[[ Listed records open ]]
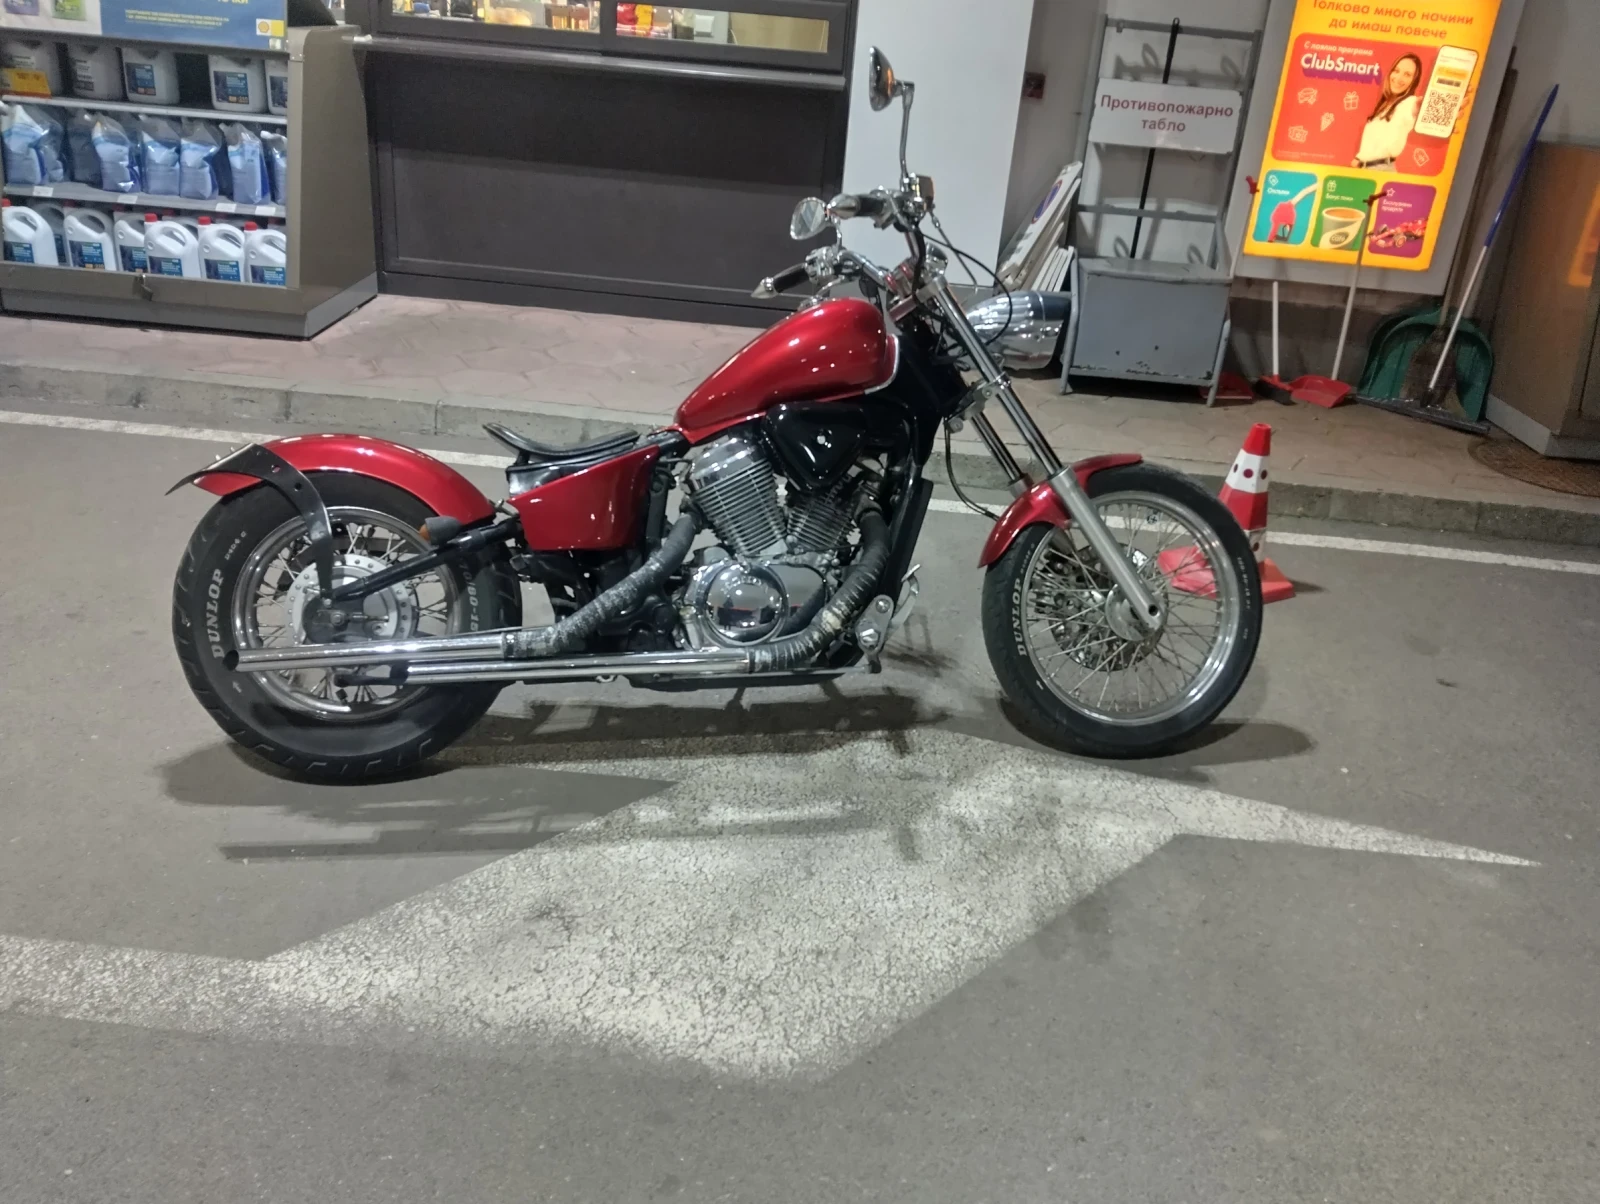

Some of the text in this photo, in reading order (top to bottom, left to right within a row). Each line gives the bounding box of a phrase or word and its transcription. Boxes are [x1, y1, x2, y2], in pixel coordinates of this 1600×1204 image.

[1374, 6, 1417, 20] много
[1421, 11, 1474, 25] начини
[1328, 18, 1447, 39] да имаш повече
[1301, 52, 1380, 76] ClubSmart
[1100, 94, 1234, 119] Противопожарно
[1141, 117, 1186, 132] табло
[205, 568, 226, 658] DUNLOP
[1012, 578, 1028, 656] DUNLOP
[[ Listed records closed ]]
◆ What is needed ◆
Please give an exact printout of all the records, pictures aside.

◆ Completed exercise ◆
Some of the text in this photo, in reading order (top to bottom, left to right within a row). Each line gives the bounding box of a phrase or word and its transcription. Boxes are [x1, y1, x2, y2], in pixel coordinates of this 1600×1204 image.

[1374, 6, 1417, 20] много
[1421, 11, 1474, 25] начини
[1328, 18, 1447, 39] да имаш повече
[1301, 52, 1380, 76] ClubSmart
[1100, 94, 1234, 119] Противопожарно
[1141, 117, 1186, 132] табло
[205, 568, 226, 658] DUNLOP
[1012, 578, 1028, 656] DUNLOP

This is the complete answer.